After the title sequence, we’re introduced to screen actress Olivia de Havilland (played with a warm, sexy drawl by Catherine Zeta-Jones). The year is 1978. Havilland is being interviewed about the feud between Joan Crawford and Bette Davis, which ignited several years earlier in 1961, when the two actresses starred together in the horror classic WHAT EVER HAPPENED TO BABY JANE? Their sabotaging and backstabbing enthralled Hollywood with “biblical proportions.” This interview with de Havilland (which is dispersed in small doses throughout the pilot) is a clever way to examine the story from afar and reflect on its legacy. Havilland starts the season off with one whopper of a quote: “Feuds are never about hate. Feuds are about pain.”
This poignant sentiment gives us a taste of what this show is truly about: the pain of two women, who inhabited a Hollywood that became more hostile to them each day they aged. At one point in their careers they were on top of their game, but now they find themselves fighting for the smallest scraps. The pressures of trying to remain relevant in a youth-centric society created the environment where their feud flourished. The show examines 1960s Hollywood and presents to us incredibly interesting themes. The decaying of the studio system thanks to the dawn of television, the valuing of sex appeal over artistic integrity, misogyny, and ageism are all explored.
Joan Crawford making Bette Davis an offer she can’t refuse (but probably should)
Jessica Lange (as Joan Crawford) and Sarandon (as Bette Davis) absolutely deliver, and carry this show above the clouds. Their skilled portrayals of these screen legends are electrifying and absorbing. Lange plays Crawford as a flawed alcoholic, desperate to retain her relevancy in a forever-changing Hollywood landscape. Crawford is especially vain, and hilariously tries to hold onto her grandiose vision of herself. On the other hand, Bette Davis seeks creative fulfillment and a better outlet for her talent. She could care less about the “attention” that Crawford craves. Susan Sarandon nails the intense sensuality of Bette Davis, in addition to her no-nonsense bluntness. Bette Davis was more willing to plunge to deep depths for roles, unconcerned about how she would look in the process. Crawford, on the other hand, was a master manipulator of her public persona, only wanting people to see her the way she wanted. Although they are in similar career funks, Crawford and Davis are polar opposites, and the premiere episode does a great job of showing this.

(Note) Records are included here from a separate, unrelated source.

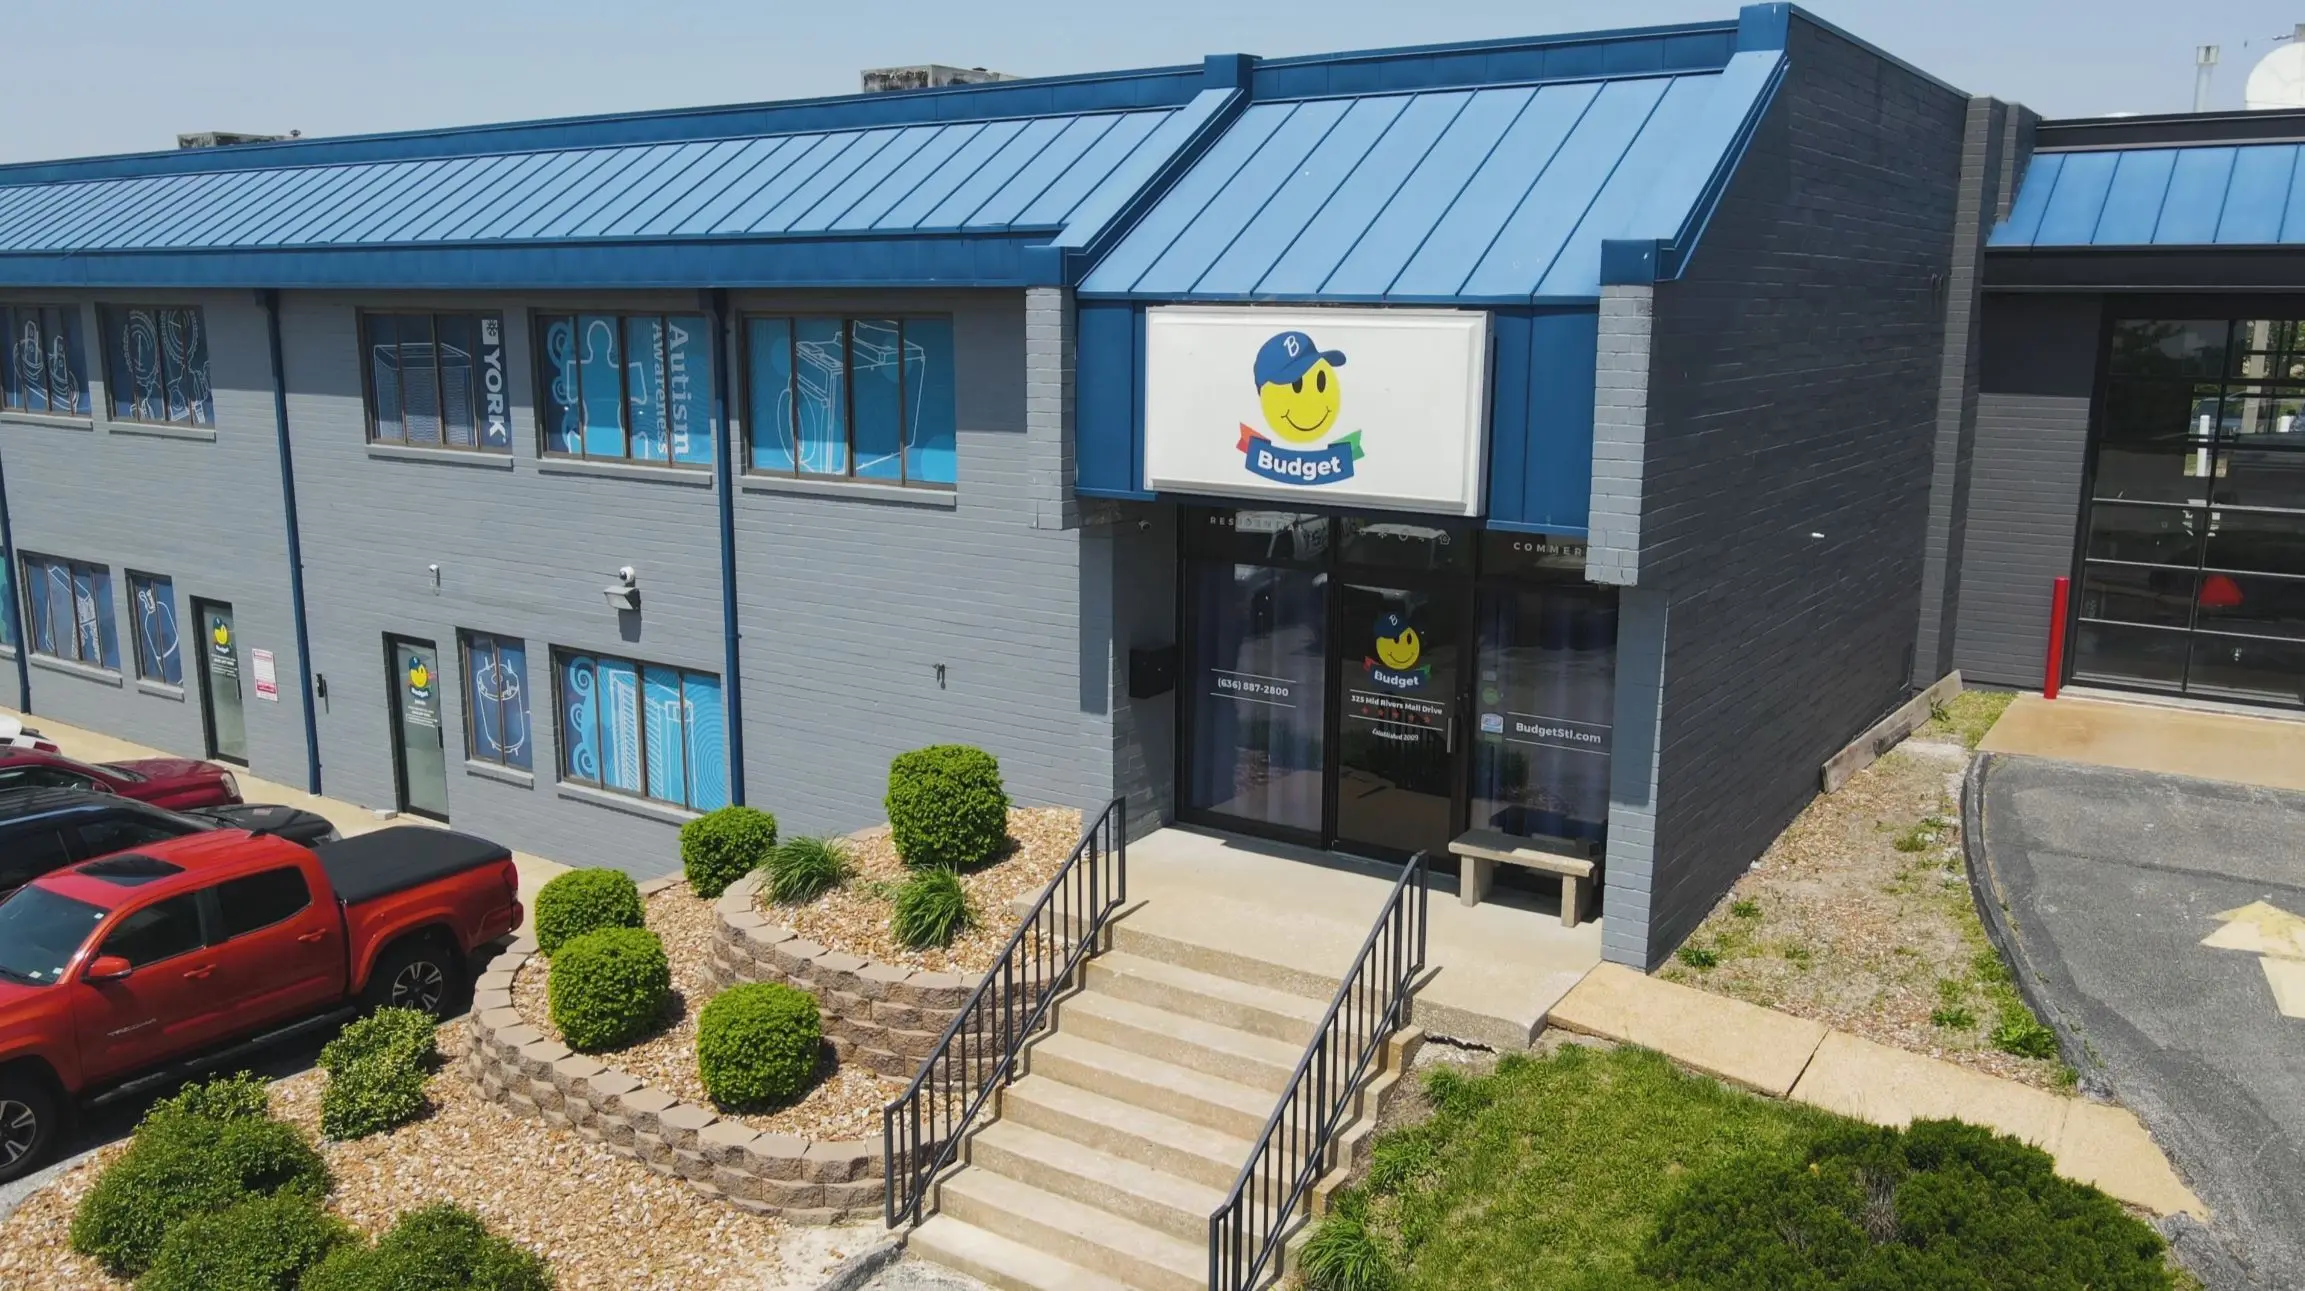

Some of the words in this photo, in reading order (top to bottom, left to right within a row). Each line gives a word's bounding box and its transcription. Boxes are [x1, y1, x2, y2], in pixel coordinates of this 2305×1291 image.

[1283, 335, 1300, 357] B
[483, 347, 507, 438] YORK
[652, 321, 668, 454] Awareness
[668, 322, 692, 455] Autism
[1257, 449, 1342, 481] Budget
[1512, 542, 1583, 557] COMMER
[1217, 677, 1242, 691] (636)
[1374, 670, 1420, 688] Budget
[1365, 697, 1379, 705] Mid
[1380, 699, 1403, 709] Rivers
[1404, 703, 1420, 711] Mall
[1422, 705, 1443, 715] Drive
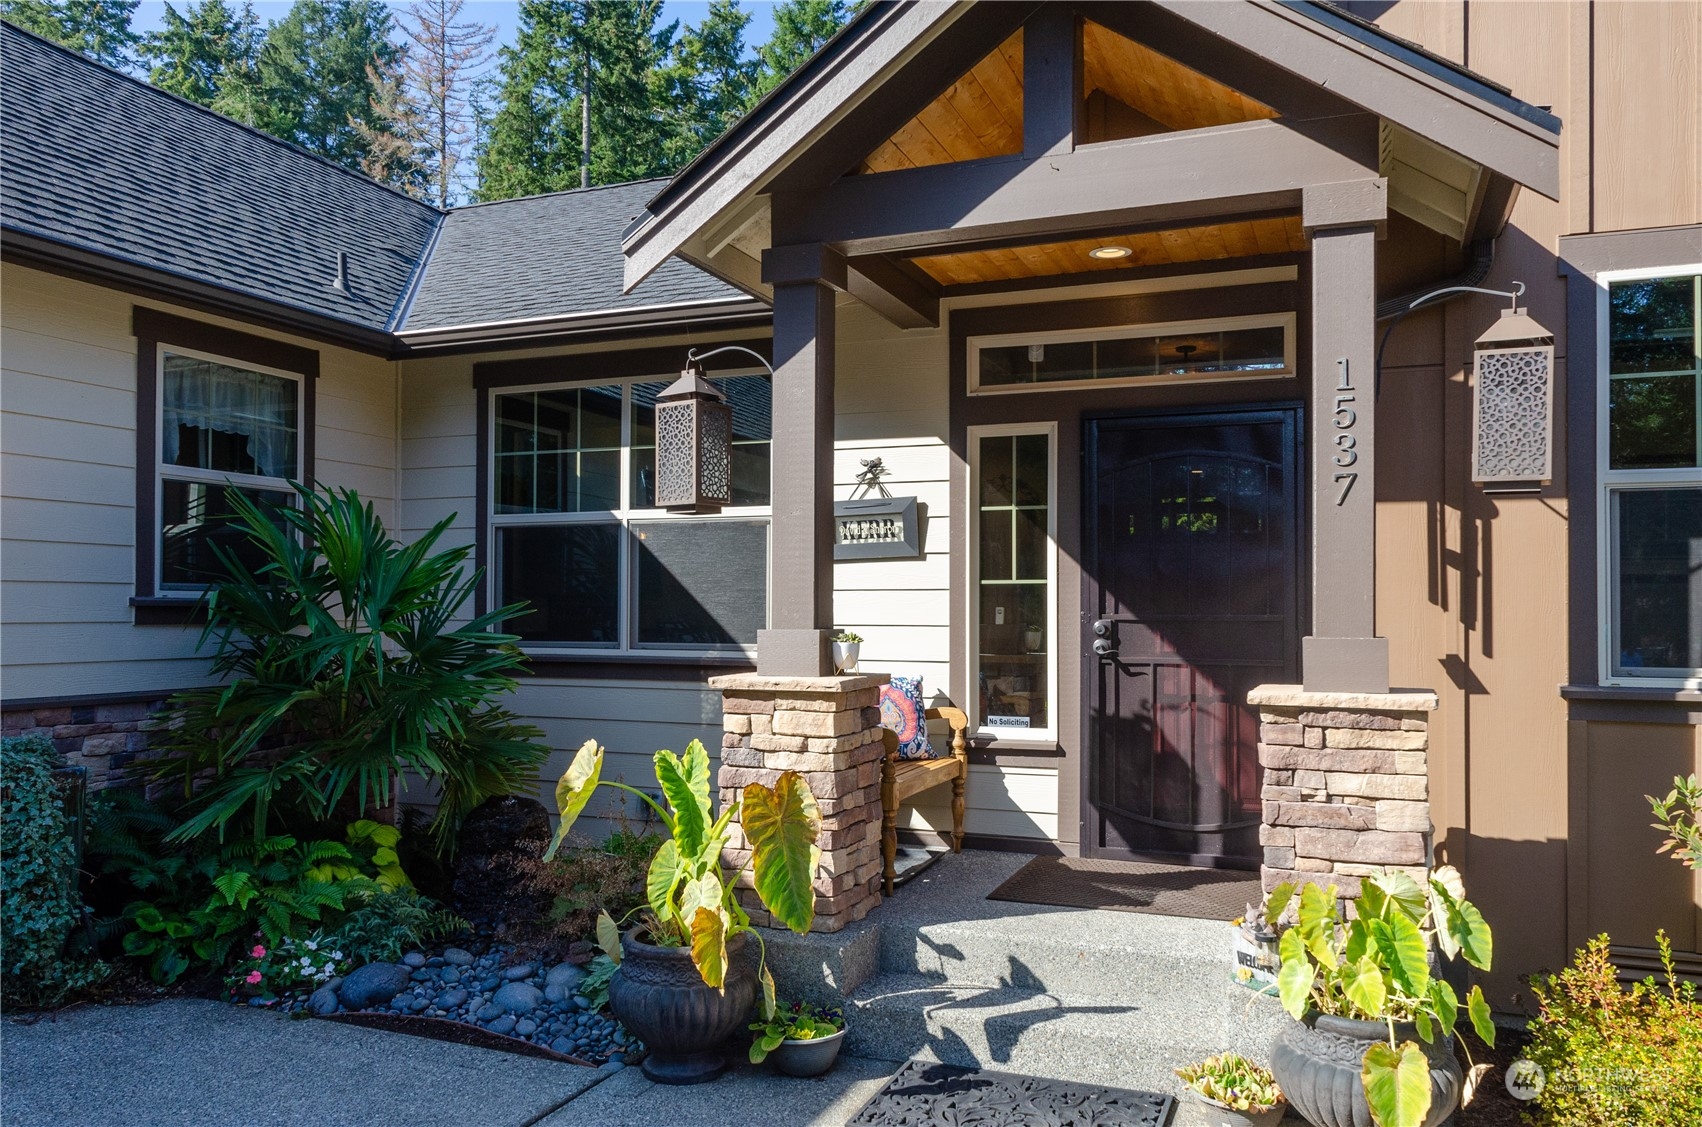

One particularly powerful scene that illustrates their dichotomy is the unveiling of Bette Davis’s character look for WHAT HAPPENED TO BABY JANE?. Bette Davis is unafraid to honor her character’s derangement and get ugly, smearing clown-white makeup on the face and adopting a crazed appearance. Joan Crawford, who is also playing a sheltered recluse, decides on a glamorous look: painted nails, glamorous makeup, and her signature meticulous brows. Davis boldly revealing her look during the first day of filming is a clear indicator of the turbulence to come. Marching straight up to Crawford, Davis smiles in her intimidating look, face smeared with war paint. Crawford, the egotist that she is, is of course horrified. She is even more horrified when the film’s director Robert Aldrich approves of the look’s authenticity.
I was completely enamored by the world of this show. Its depiction of female celebrity is shockingly timely and leaves us with many gripping insights into modern Hollywood. Based on the pilot, I will definitely be coming back to see more from Lange and Sarandon, who are worthy adversaries. Their chemistry in every scene is alive with suspense and possibility. I also commend the supporting players for excellent performances: Stanley Tucci, Alfred Molina, Catherine Zeta-Jones, Kathy Bates, and Jackie Hoffman contribute so much to the premiere. If the pilot is any indication, we are in for one delicious, bumpy ride.